This pilot project is a cross-sectional study of an on-going cohort of young adult injection-drug users (IDUs) in San Francisco. An oral health questionnaire was administered by a research-assistant, and two dentists performed clinical examinations to record the Decayed-Missing-Filled-Surfaces (DMFS) index, presence of residual roots, the Simplified Oral Hygiene Index, and salivary hypofunction.
The prevalence of dental disease among 58 young adult IDUs was strikingly high compared to the U.S. general population, however, there was no difference in the level of dental disease between the methamphetamine and heroin users in this study. The mean DMFS and number of decayed surfaces exceeded 28 in both groups.
While no difference in dental disease between methamphetamine and heroin users was detected, we found a high prevalence of caries and caries-associated behaviors in this sample of young adult IDUs.
Given the high level of dental disease observed in this population of young adult IDUs, one next step may be to explore the feasibility and effectiveness of providing low-intensity preventative measures (e.g., distribution of chlorhexidine rinses, xylitol gum, application of fluoride varnishes) through outreach workers.
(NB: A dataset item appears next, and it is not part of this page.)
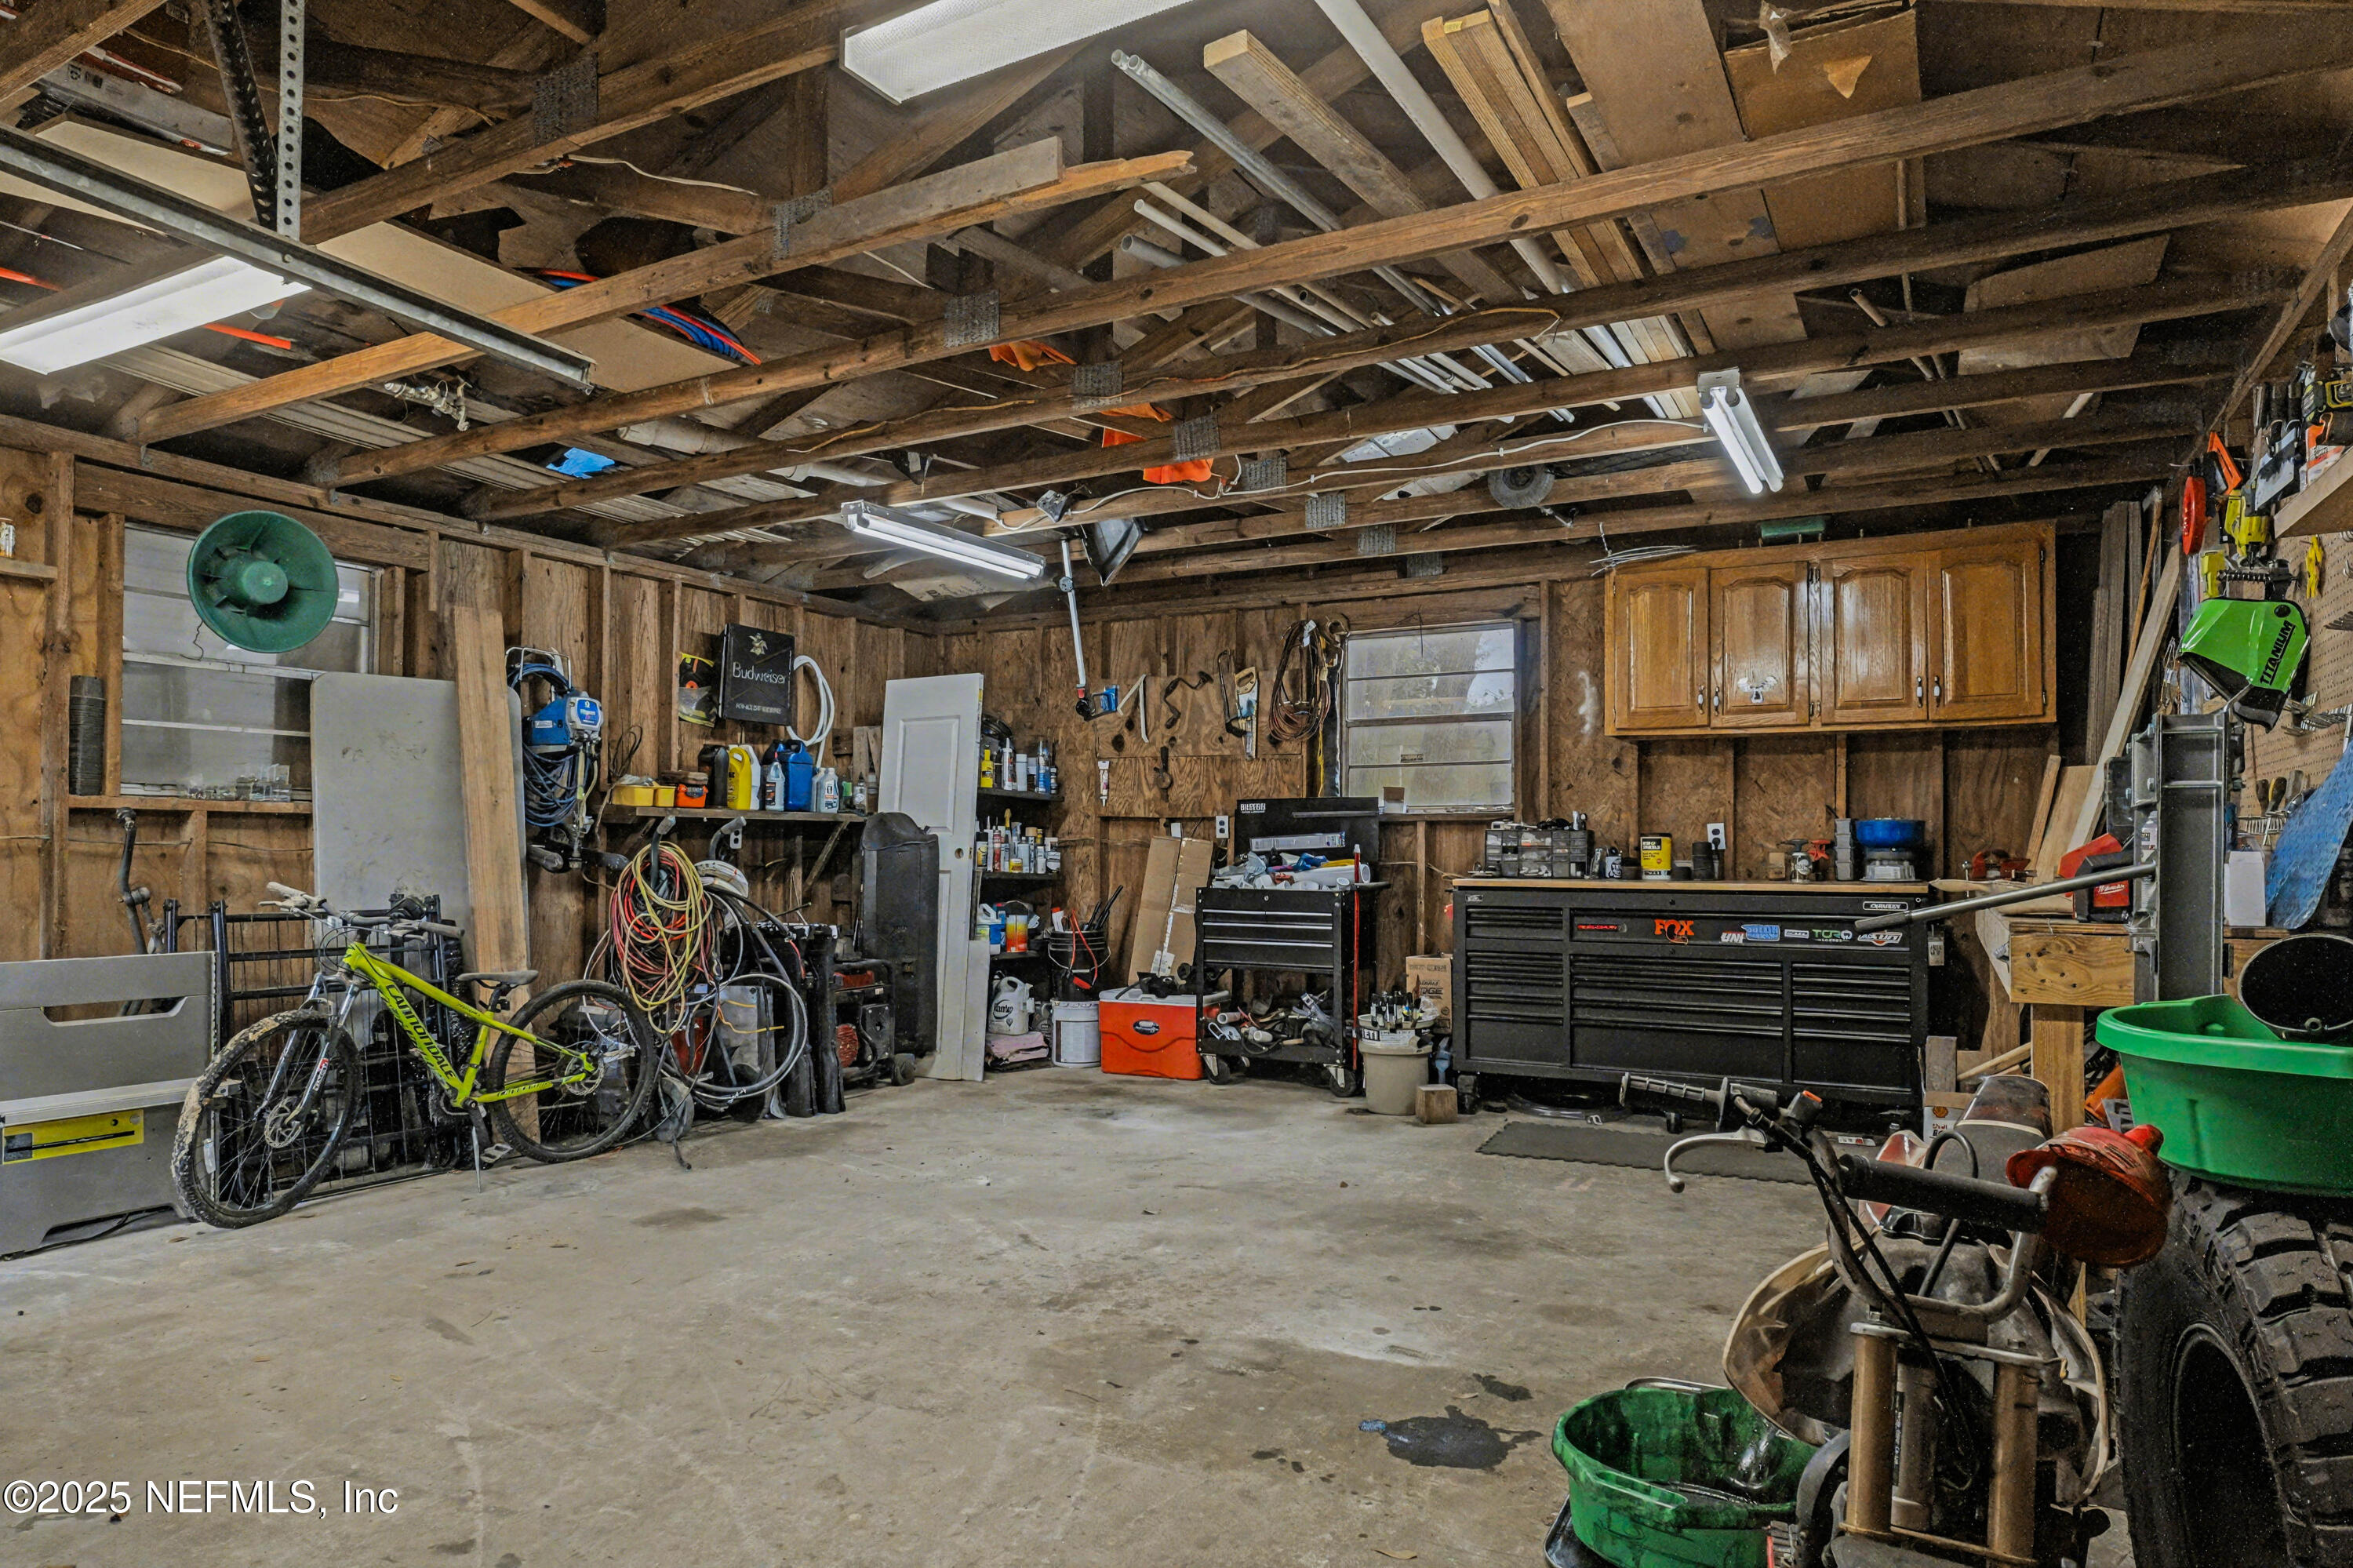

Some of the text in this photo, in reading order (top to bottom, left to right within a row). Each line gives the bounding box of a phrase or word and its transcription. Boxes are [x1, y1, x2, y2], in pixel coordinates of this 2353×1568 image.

[2260, 620, 2295, 684] TITANIUM
[733, 662, 786, 684] Budweiser
[1654, 919, 1694, 936] FOX
Non-medicinal or illicit methamphetamine use in the United States is a serious public health concern due to the high prevalence of use, the addictive nature of the drug, and the putative effects on long-term users. According to the 2007 National Survey on Drug Use and Health (NSDUH), approximately 5% of the U.S. population, or 13 million Americans, over the age of 12 years have reported ever using methamphetamine.1 The 2009 NSDUH reports a higher number of past month methamphetamine users, and a significantly higher number of new methamphetamine users, over the previous year.2 Another national survey from 2008 suggests an increase in the reported methamphetamine use in the high school-aged population.3,4 The percentages of U.S. admissions to substance abuse treatment services for primary methamphetamine/amphetamine use more than doubled from 3.3 percent in 1996 to 7.5 percent in 2007. In California, methamphetamine-related admissions increased by 363% from 1992 to 2005.5
Studies have uncovered an association between illicit drug use and poor oral hygiene, high sugar intake, alcohol and tobacco use.6-9 Dependence on drugs is also associated with severe social, financial, and health consequences.10 One of the many reported adverse health effects noted with long-term methamphetamine use is severe dental caries, widely referred to as “meth mouth” in the scientific literature and in the press.11 First reported by Shaner in 1992, “meth mouth” is described as rampant dental caries in a pattern specifically on buccal and lingual surfaces, and with widespread destruction of coronal tooth structure often presenting as residual root tips.12 While this description of atypical caries pattern in adults is speculated to be specific to methamphetamine use, this pattern is also associated with hyposalivation secondary to radiation treatment and first reported with prolonged heroin use and in other poly-drug users.7, 13-15 In addition to this atypical caries pattern, bruxism, attrition, and trismus have also been reported among drug users, including methamphetamine users.16
The etiology of dental caries secondary to prolonged drug-use and associated health behaviors has been attributed to salivary hypofunction, poor oral hygiene, and high frequency consumption of refined carbohydrates.15 Methamphetamine use is thought to stimulate inhibitory alpha-2 receptors via the central nervous system, thus inhibiting unstimulated saliva flow.17 However, while multiple clinical case reports and public awareness messages of “meth mouth” have been published, few epidemiologic studies have explored the relationship between methamphetamine use and clinical manifestation of secondary, atypical dental caries or tooth loss patterns in a population. Observational studies have found higher caries rates in drug users versus non-drug users, and higher tooth loss rates in methamphetamine users versus non-drug users.7,18 Shetty and colleagues reported a statistically significant association of missing teeth with injected methamphetamine use as compared to smoking as the route of drug administration.18 It is still not clear, however, whether high caries rate is a consequence of any injection drug use, or whether it is specific to methamphetamine use as the term “meth mouth” suggests. A recent systematic review on methamphetamine use and dental disease emphasized the need for more definitive epidemiologic studies.19 Therefore, we conducted an exploratory pilot study to evaluate dental disease prevalence and patterns, and dental caries risk factors, among injection drug users (IDUs), comparing methamphetamine and heroin users. The caries risk factors explored included dietary practices, signs and symptoms of salivary hypofunction, and measures of oral hygiene. This pilot study was also meant to assess the feasibility of recruiting a population of IDUs, and to determine how readily these users can be categorized by types of drugs used.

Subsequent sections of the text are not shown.